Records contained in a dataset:
______________________________

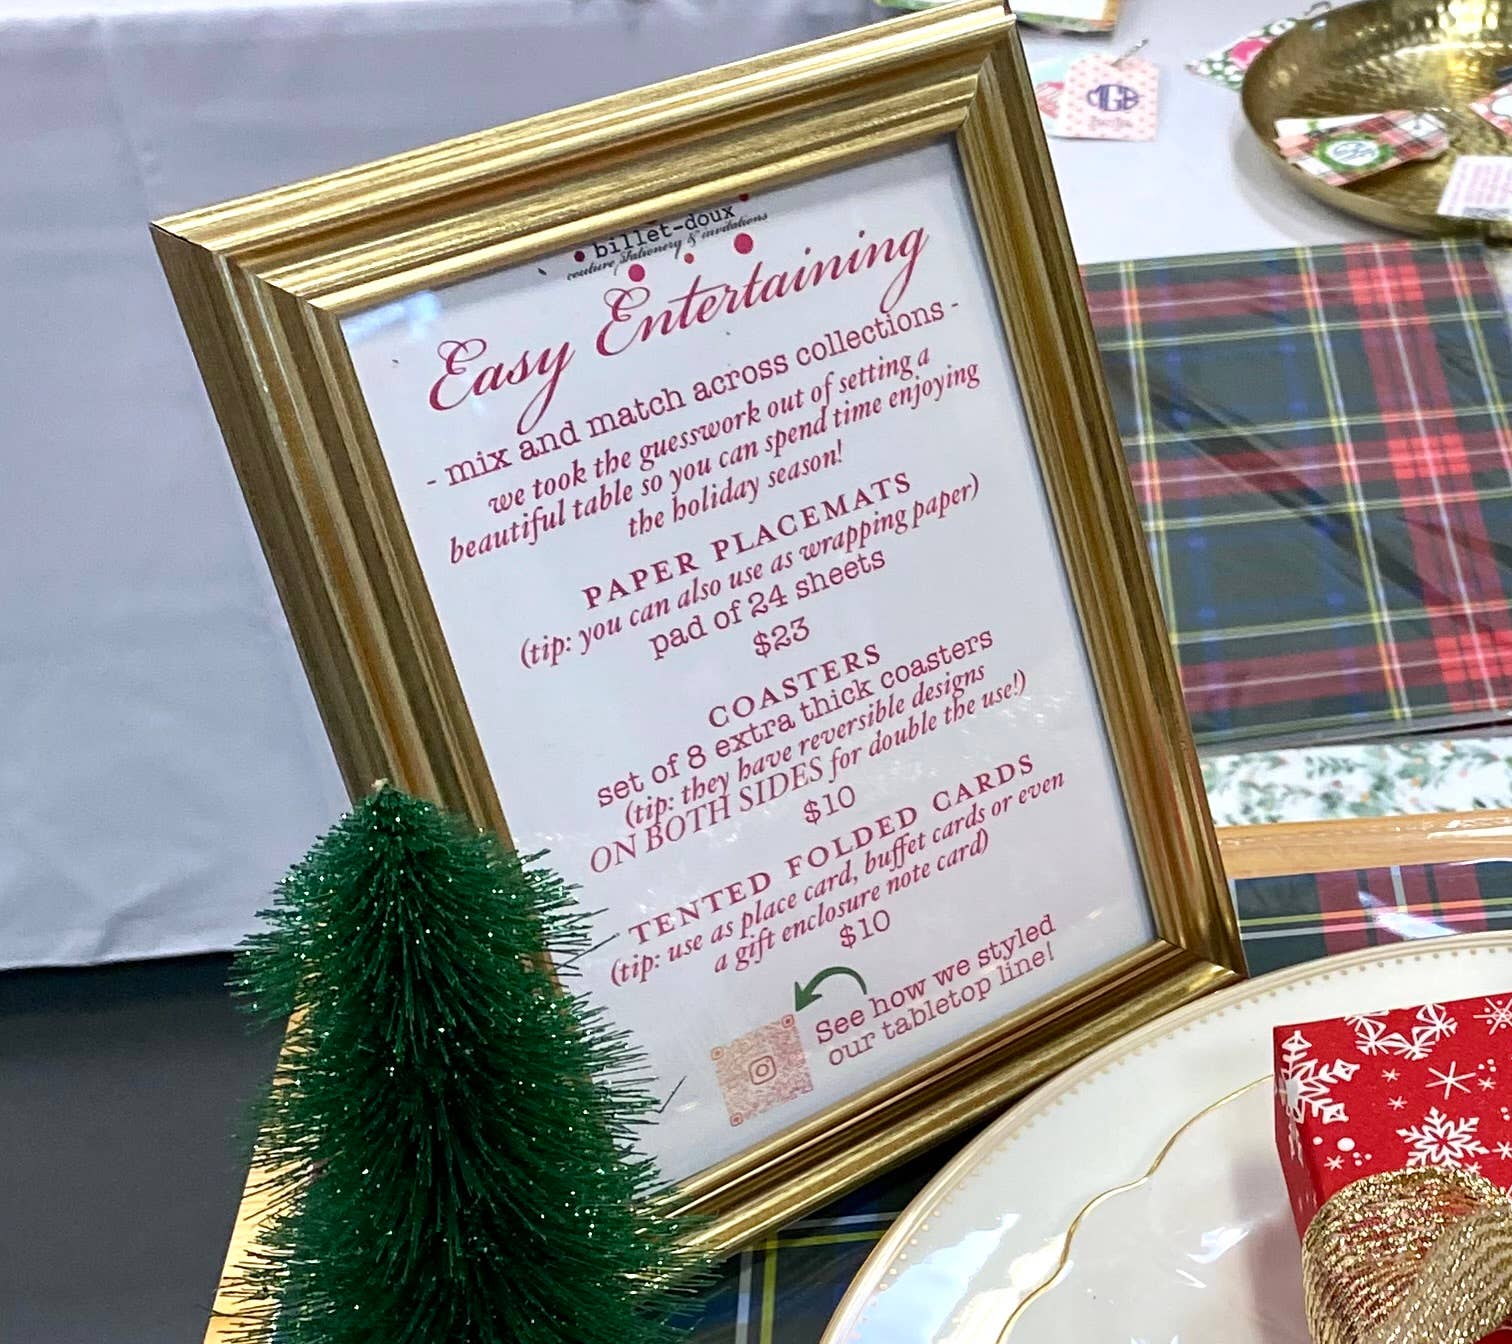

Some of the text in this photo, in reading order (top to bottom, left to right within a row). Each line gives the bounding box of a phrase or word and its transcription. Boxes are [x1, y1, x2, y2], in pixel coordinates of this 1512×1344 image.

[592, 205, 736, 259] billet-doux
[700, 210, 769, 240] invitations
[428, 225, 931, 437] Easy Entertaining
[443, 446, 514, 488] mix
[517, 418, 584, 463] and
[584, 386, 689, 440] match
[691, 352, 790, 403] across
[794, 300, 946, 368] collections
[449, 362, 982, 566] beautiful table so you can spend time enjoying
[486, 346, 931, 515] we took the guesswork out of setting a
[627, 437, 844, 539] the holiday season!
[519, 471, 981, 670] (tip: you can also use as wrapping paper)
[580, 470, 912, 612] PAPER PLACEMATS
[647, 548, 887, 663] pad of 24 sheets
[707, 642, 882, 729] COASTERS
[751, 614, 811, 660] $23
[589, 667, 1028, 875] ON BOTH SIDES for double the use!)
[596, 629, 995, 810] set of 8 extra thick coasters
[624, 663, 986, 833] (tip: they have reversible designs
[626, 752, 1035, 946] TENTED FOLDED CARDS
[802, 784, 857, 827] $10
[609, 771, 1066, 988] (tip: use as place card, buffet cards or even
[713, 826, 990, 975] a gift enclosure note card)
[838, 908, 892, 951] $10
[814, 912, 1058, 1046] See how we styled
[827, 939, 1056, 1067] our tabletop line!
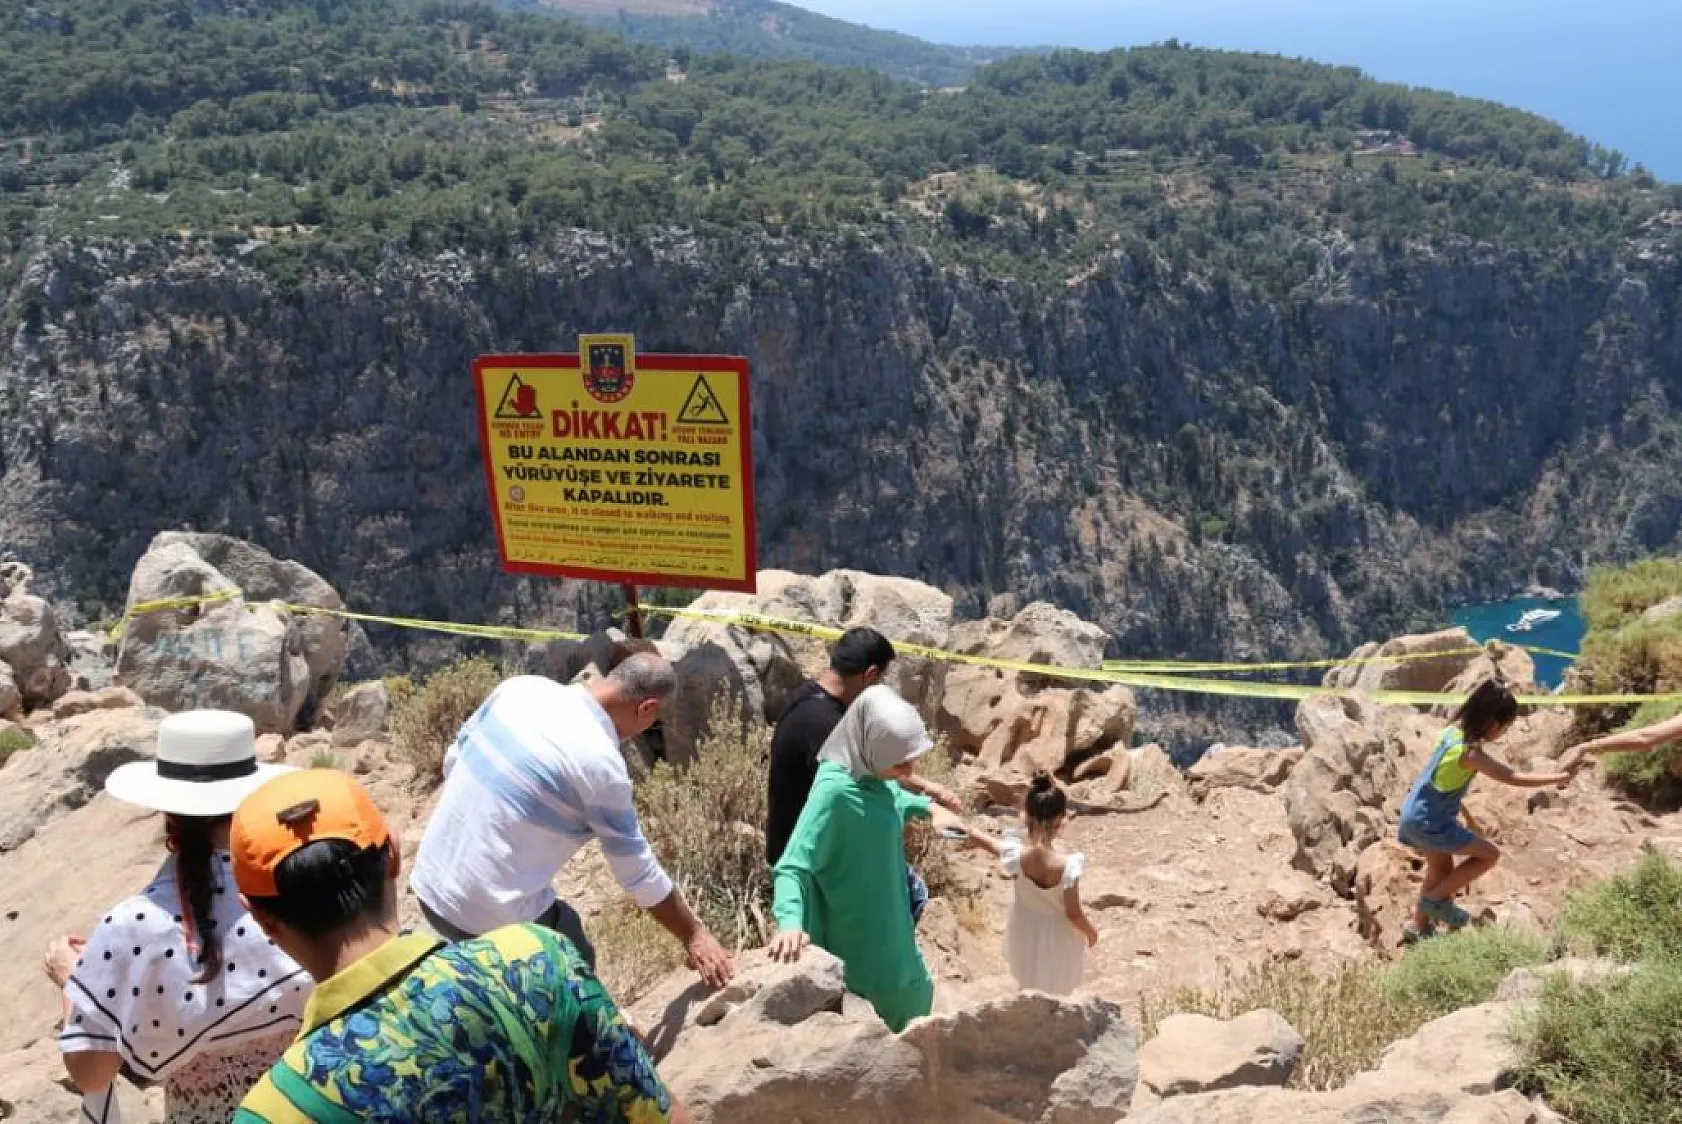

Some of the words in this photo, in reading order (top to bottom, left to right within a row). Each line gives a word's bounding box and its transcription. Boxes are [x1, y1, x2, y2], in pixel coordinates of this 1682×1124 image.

______________________________

-- Try it --
Although the entries contain pictures, reproduce only the rest, exactly as written.

-- Response area --
Some of the text in this photo, in reading order (top to bottom, left to right within a row). Each line gives the bounding box of a phrase or word and its transcription. Boxes are [x1, y1, x2, y2], in pixel coordinates of this 1512×1344 image.

[592, 205, 736, 259] billet-doux
[700, 210, 769, 240] invitations
[428, 225, 931, 437] Easy Entertaining
[443, 446, 514, 488] mix
[517, 418, 584, 463] and
[584, 386, 689, 440] match
[691, 352, 790, 403] across
[794, 300, 946, 368] collections
[449, 362, 982, 566] beautiful table so you can spend time enjoying
[486, 346, 931, 515] we took the guesswork out of setting a
[627, 437, 844, 539] the holiday season!
[519, 471, 981, 670] (tip: you can also use as wrapping paper)
[580, 470, 912, 612] PAPER PLACEMATS
[647, 548, 887, 663] pad of 24 sheets
[707, 642, 882, 729] COASTERS
[751, 614, 811, 660] $23
[589, 667, 1028, 875] ON BOTH SIDES for double the use!)
[596, 629, 995, 810] set of 8 extra thick coasters
[624, 663, 986, 833] (tip: they have reversible designs
[626, 752, 1035, 946] TENTED FOLDED CARDS
[802, 784, 857, 827] $10
[609, 771, 1066, 988] (tip: use as place card, buffet cards or even
[713, 826, 990, 975] a gift enclosure note card)
[838, 908, 892, 951] $10
[814, 912, 1058, 1046] See how we styled
[827, 939, 1056, 1067] our tabletop line!

Some of the words in this photo, in reading order (top to bottom, left to right within a row). Each line gives a word's bounding box and its transcription. Boxes are [x1, y1, x2, y2], in pixel coordinates of this 1682×1124 image.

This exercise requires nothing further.